TASK ITEM :: The copy has to match the records word for word and include no pictures.

_ _ _ _ _ _ _

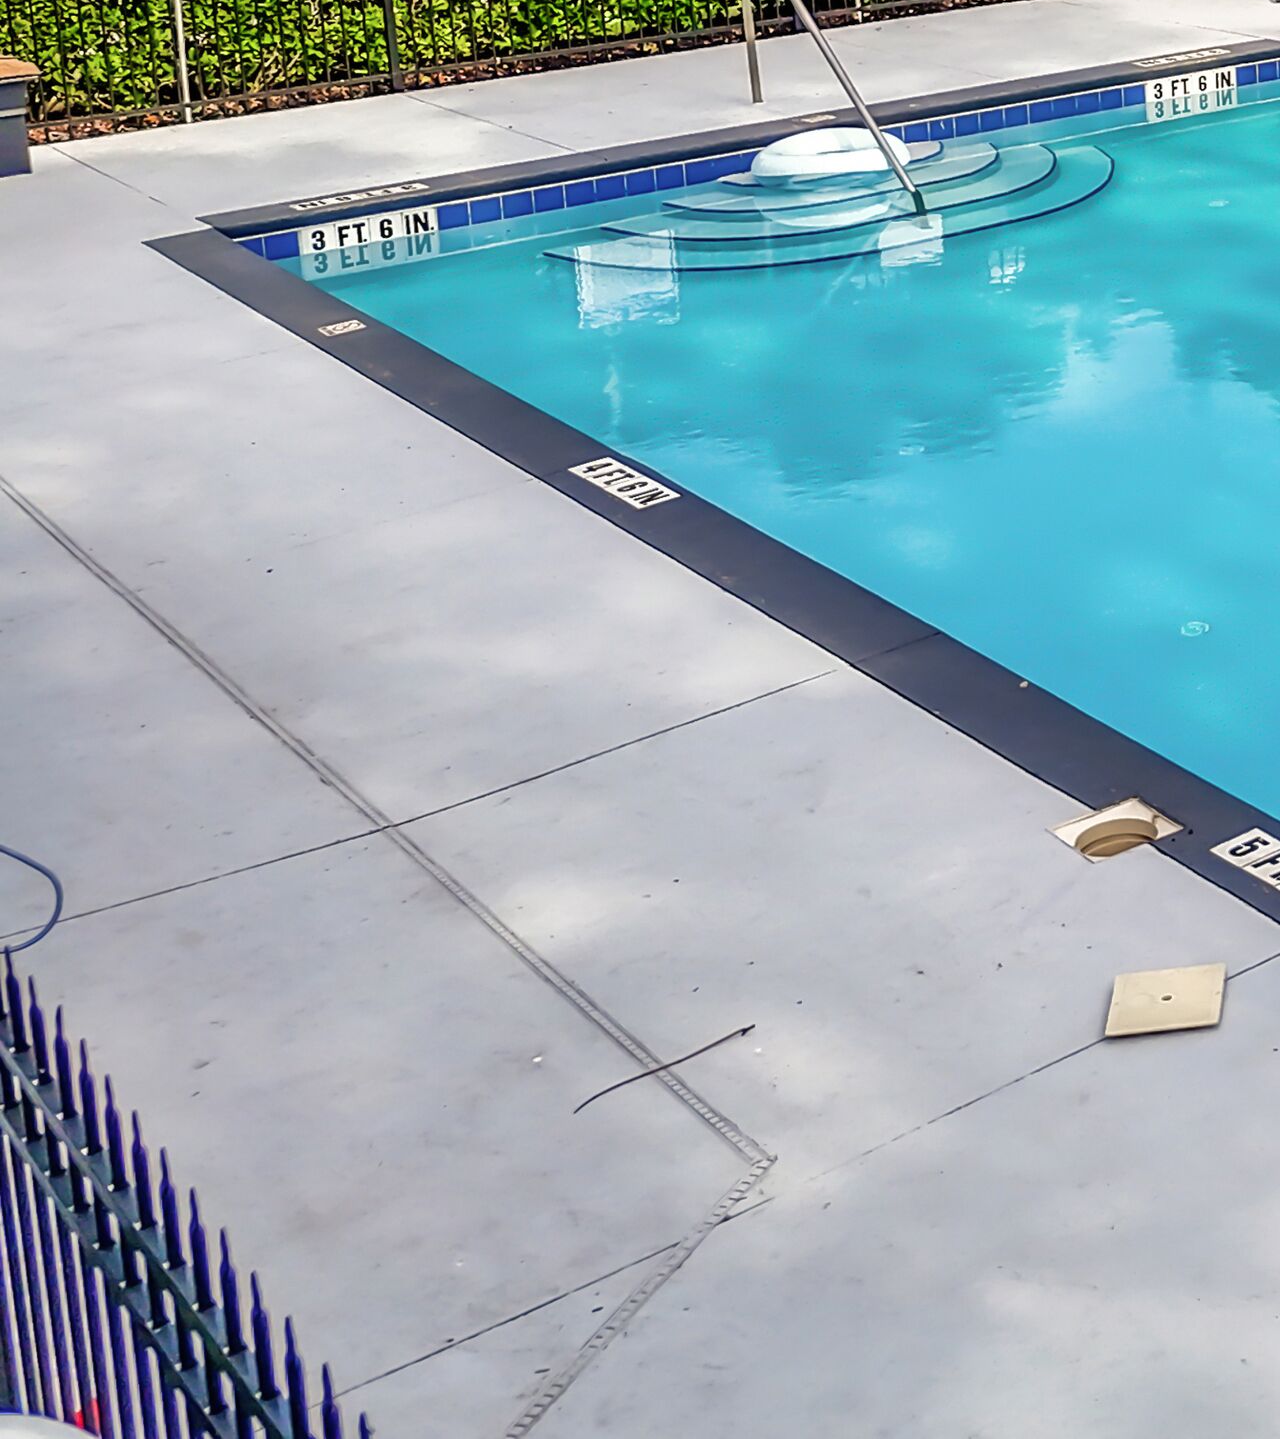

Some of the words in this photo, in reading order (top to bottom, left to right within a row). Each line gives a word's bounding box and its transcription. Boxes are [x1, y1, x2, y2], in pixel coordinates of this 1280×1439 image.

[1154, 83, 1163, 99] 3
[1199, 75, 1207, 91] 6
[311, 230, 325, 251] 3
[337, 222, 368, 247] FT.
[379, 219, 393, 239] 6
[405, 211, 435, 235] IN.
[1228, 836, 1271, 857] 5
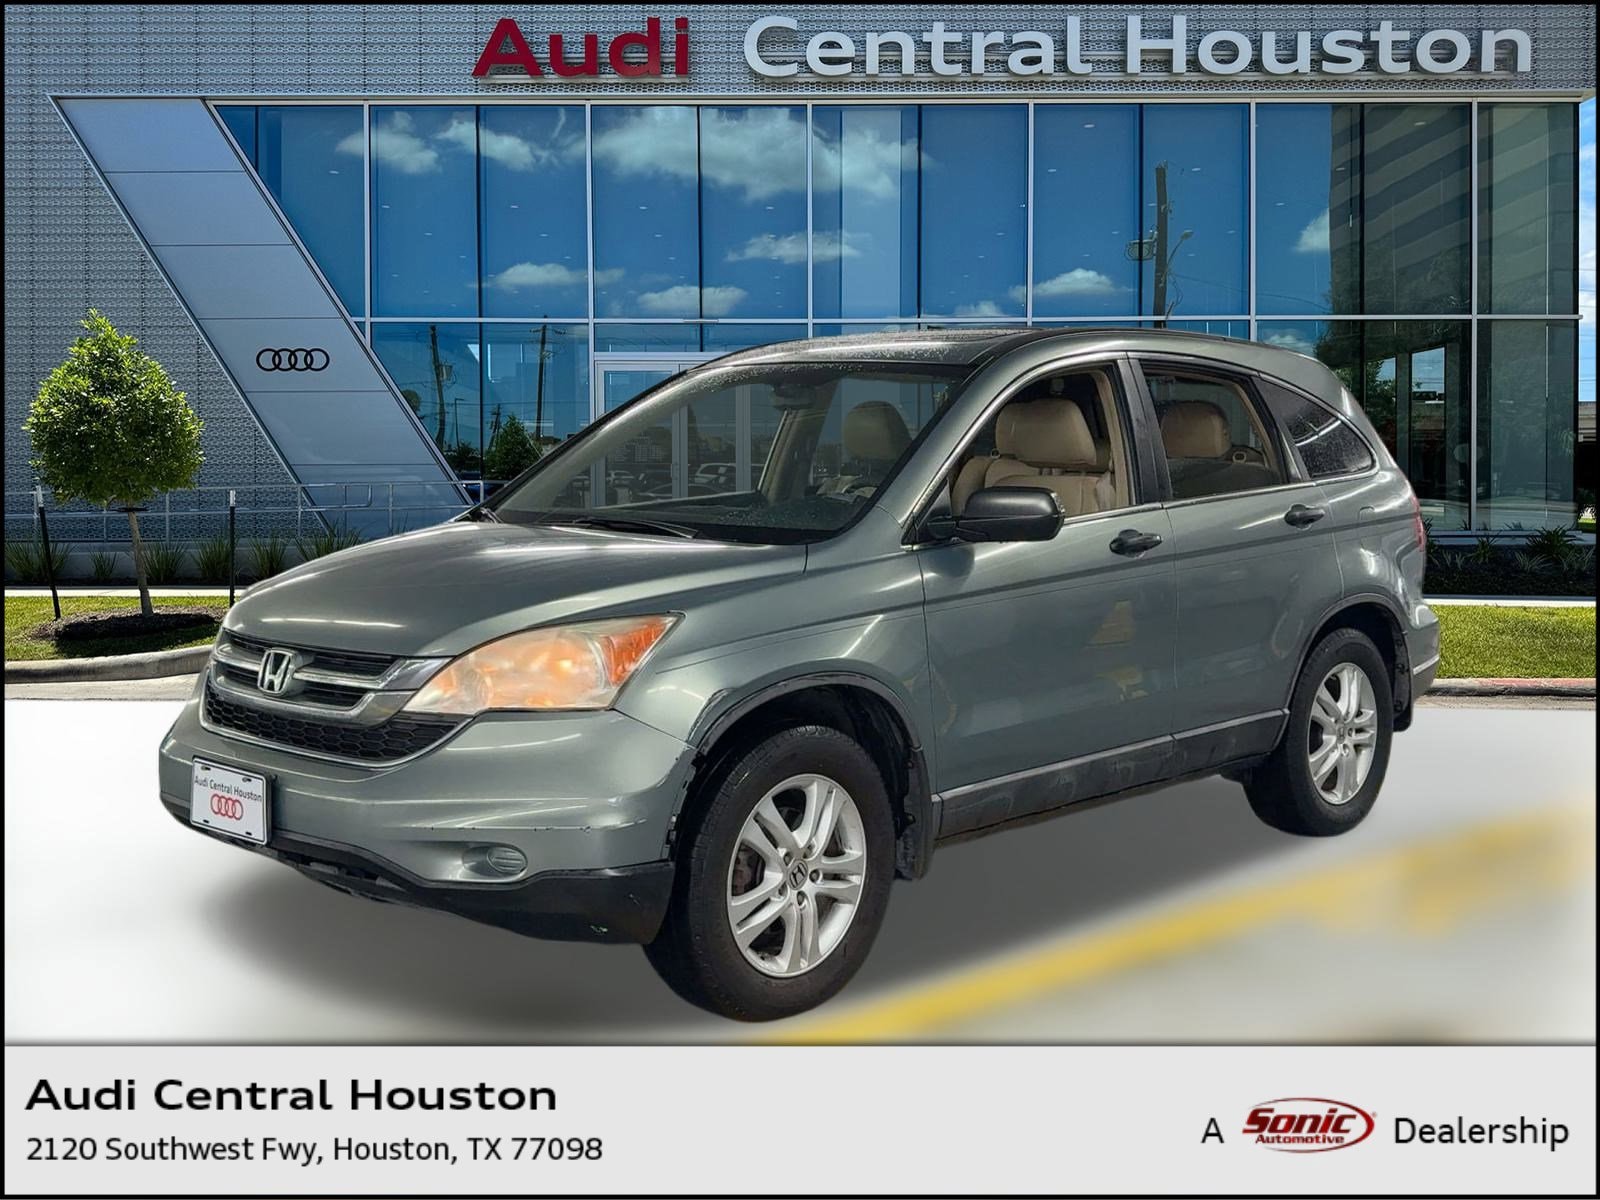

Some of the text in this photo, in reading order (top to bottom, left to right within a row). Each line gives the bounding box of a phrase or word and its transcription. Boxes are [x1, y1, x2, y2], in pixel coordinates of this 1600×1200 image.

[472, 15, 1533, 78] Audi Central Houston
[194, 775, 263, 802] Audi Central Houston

_ _ _ _ _ _ _

RESPONSE ::
Some of the words in this photo, in reading order (top to bottom, left to right within a row). Each line gives a word's bounding box and its transcription. Boxes are [x1, y1, x2, y2], in pixel coordinates of this 1280×1439 image.

[1154, 83, 1163, 99] 3
[1199, 75, 1207, 91] 6
[311, 230, 325, 251] 3
[337, 222, 368, 247] FT.
[379, 219, 393, 239] 6
[405, 211, 435, 235] IN.
[1228, 836, 1271, 857] 5

Some of the text in this photo, in reading order (top to bottom, left to right within a row). Each line gives the bounding box of a phrase or word and its transcription. Boxes are [x1, y1, x2, y2], in pixel coordinates of this 1600×1200 image.

[472, 15, 1533, 78] Audi Central Houston
[194, 775, 263, 802] Audi Central Houston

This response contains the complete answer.